Start of DATA FOR ANALYSIS

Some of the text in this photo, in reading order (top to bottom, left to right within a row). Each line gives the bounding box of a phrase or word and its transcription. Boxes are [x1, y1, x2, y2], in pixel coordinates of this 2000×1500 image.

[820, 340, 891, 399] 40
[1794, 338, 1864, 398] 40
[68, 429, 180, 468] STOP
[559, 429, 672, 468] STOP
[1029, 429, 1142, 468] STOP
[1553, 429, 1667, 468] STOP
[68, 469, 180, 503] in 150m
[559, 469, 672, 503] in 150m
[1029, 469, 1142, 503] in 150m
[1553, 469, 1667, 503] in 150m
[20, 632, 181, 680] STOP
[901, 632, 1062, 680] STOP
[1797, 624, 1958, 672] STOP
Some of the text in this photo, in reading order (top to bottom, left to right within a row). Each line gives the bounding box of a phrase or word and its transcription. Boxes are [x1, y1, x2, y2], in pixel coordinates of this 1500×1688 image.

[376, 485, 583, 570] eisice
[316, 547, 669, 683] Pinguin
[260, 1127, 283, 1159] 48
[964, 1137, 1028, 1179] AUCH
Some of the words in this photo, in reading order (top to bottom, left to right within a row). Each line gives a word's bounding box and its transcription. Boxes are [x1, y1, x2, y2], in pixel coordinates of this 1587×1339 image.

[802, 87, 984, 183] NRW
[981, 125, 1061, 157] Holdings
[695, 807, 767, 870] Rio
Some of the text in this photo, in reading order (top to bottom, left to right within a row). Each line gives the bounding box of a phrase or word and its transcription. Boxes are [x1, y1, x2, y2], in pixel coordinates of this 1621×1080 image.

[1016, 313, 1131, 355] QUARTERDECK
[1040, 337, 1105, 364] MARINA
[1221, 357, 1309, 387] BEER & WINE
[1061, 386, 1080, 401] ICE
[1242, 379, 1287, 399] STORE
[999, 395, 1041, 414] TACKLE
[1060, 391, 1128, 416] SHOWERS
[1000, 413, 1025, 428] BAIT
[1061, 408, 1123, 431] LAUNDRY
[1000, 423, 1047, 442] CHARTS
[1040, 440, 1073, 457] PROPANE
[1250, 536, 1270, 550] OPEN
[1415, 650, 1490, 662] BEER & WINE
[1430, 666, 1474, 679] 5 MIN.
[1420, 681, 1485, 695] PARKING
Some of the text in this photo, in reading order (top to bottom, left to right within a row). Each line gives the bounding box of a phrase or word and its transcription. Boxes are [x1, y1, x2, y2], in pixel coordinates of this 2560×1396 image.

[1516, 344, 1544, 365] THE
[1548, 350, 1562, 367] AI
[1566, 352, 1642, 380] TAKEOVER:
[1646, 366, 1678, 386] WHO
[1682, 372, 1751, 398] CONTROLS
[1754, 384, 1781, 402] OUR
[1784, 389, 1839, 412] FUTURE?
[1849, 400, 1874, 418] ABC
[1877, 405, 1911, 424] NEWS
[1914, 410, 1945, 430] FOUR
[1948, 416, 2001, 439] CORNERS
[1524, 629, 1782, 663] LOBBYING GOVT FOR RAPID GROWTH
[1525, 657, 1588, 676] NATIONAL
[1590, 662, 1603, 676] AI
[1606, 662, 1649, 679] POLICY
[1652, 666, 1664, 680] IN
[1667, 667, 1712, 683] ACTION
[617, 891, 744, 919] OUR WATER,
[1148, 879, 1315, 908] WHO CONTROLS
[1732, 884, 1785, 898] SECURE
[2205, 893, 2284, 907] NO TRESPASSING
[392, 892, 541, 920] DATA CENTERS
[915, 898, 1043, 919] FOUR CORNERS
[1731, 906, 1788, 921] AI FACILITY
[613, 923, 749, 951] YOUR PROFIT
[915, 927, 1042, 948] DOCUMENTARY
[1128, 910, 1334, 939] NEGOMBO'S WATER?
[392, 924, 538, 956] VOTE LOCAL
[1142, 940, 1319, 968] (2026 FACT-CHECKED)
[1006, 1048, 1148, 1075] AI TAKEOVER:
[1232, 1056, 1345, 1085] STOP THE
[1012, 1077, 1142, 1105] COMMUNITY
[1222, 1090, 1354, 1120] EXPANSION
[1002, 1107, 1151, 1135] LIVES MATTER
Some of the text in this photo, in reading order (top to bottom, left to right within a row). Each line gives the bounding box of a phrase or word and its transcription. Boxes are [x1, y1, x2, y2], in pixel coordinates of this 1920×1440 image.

End of DATA FOR ANALYSIS

WHAT YOU NEED TO DO: Type the records again in full, matching them exactly.

SOLVED PROBLEM:
Some of the text in this photo, in reading order (top to bottom, left to right within a row). Each line gives the bounding box of a phrase or word and its transcription. Boxes are [x1, y1, x2, y2], in pixel coordinates of this 2000×1500 image.

[820, 340, 891, 399] 40
[1794, 338, 1864, 398] 40
[68, 429, 180, 468] STOP
[559, 429, 672, 468] STOP
[1029, 429, 1142, 468] STOP
[1553, 429, 1667, 468] STOP
[68, 469, 180, 503] in 150m
[559, 469, 672, 503] in 150m
[1029, 469, 1142, 503] in 150m
[1553, 469, 1667, 503] in 150m
[20, 632, 181, 680] STOP
[901, 632, 1062, 680] STOP
[1797, 624, 1958, 672] STOP
Some of the text in this photo, in reading order (top to bottom, left to right within a row). Each line gives the bounding box of a phrase or word and its transcription. Boxes are [x1, y1, x2, y2], in pixel coordinates of this 1500×1688 image.

[376, 485, 583, 570] eisice
[316, 547, 669, 683] Pinguin
[260, 1127, 283, 1159] 48
[964, 1137, 1028, 1179] AUCH
Some of the words in this photo, in reading order (top to bottom, left to right within a row). Each line gives a word's bounding box and its transcription. Boxes are [x1, y1, x2, y2], in pixel coordinates of this 1587×1339 image.

[802, 87, 984, 183] NRW
[981, 125, 1061, 157] Holdings
[695, 807, 767, 870] Rio
Some of the text in this photo, in reading order (top to bottom, left to right within a row). Each line gives the bounding box of a phrase or word and its transcription. Boxes are [x1, y1, x2, y2], in pixel coordinates of this 1621×1080 image.

[1016, 313, 1131, 355] QUARTERDECK
[1040, 337, 1105, 364] MARINA
[1221, 357, 1309, 387] BEER & WINE
[1061, 386, 1080, 401] ICE
[1242, 379, 1287, 399] STORE
[999, 395, 1041, 414] TACKLE
[1060, 391, 1128, 416] SHOWERS
[1000, 413, 1025, 428] BAIT
[1061, 408, 1123, 431] LAUNDRY
[1000, 423, 1047, 442] CHARTS
[1040, 440, 1073, 457] PROPANE
[1250, 536, 1270, 550] OPEN
[1415, 650, 1490, 662] BEER & WINE
[1430, 666, 1474, 679] 5 MIN.
[1420, 681, 1485, 695] PARKING
Some of the text in this photo, in reading order (top to bottom, left to right within a row). Each line gives the bounding box of a phrase or word and its transcription. Boxes are [x1, y1, x2, y2], in pixel coordinates of this 2560×1396 image.

[1516, 344, 1544, 365] THE
[1548, 350, 1562, 367] AI
[1566, 352, 1642, 380] TAKEOVER:
[1646, 366, 1678, 386] WHO
[1682, 372, 1751, 398] CONTROLS
[1754, 384, 1781, 402] OUR
[1784, 389, 1839, 412] FUTURE?
[1849, 400, 1874, 418] ABC
[1877, 405, 1911, 424] NEWS
[1914, 410, 1945, 430] FOUR
[1948, 416, 2001, 439] CORNERS
[1524, 629, 1782, 663] LOBBYING GOVT FOR RAPID GROWTH
[1525, 657, 1588, 676] NATIONAL
[1590, 662, 1603, 676] AI
[1606, 662, 1649, 679] POLICY
[1652, 666, 1664, 680] IN
[1667, 667, 1712, 683] ACTION
[617, 891, 744, 919] OUR WATER,
[1148, 879, 1315, 908] WHO CONTROLS
[1732, 884, 1785, 898] SECURE
[2205, 893, 2284, 907] NO TRESPASSING
[392, 892, 541, 920] DATA CENTERS
[915, 898, 1043, 919] FOUR CORNERS
[1731, 906, 1788, 921] AI FACILITY
[613, 923, 749, 951] YOUR PROFIT
[915, 927, 1042, 948] DOCUMENTARY
[1128, 910, 1334, 939] NEGOMBO'S WATER?
[392, 924, 538, 956] VOTE LOCAL
[1142, 940, 1319, 968] (2026 FACT-CHECKED)
[1006, 1048, 1148, 1075] AI TAKEOVER:
[1232, 1056, 1345, 1085] STOP THE
[1012, 1077, 1142, 1105] COMMUNITY
[1222, 1090, 1354, 1120] EXPANSION
[1002, 1107, 1151, 1135] LIVES MATTER
Some of the text in this photo, in reading order (top to bottom, left to right within a row). Each line gives the bounding box of a phrase or word and its transcription. Boxes are [x1, y1, x2, y2], in pixel coordinates of this 1920×1440 image.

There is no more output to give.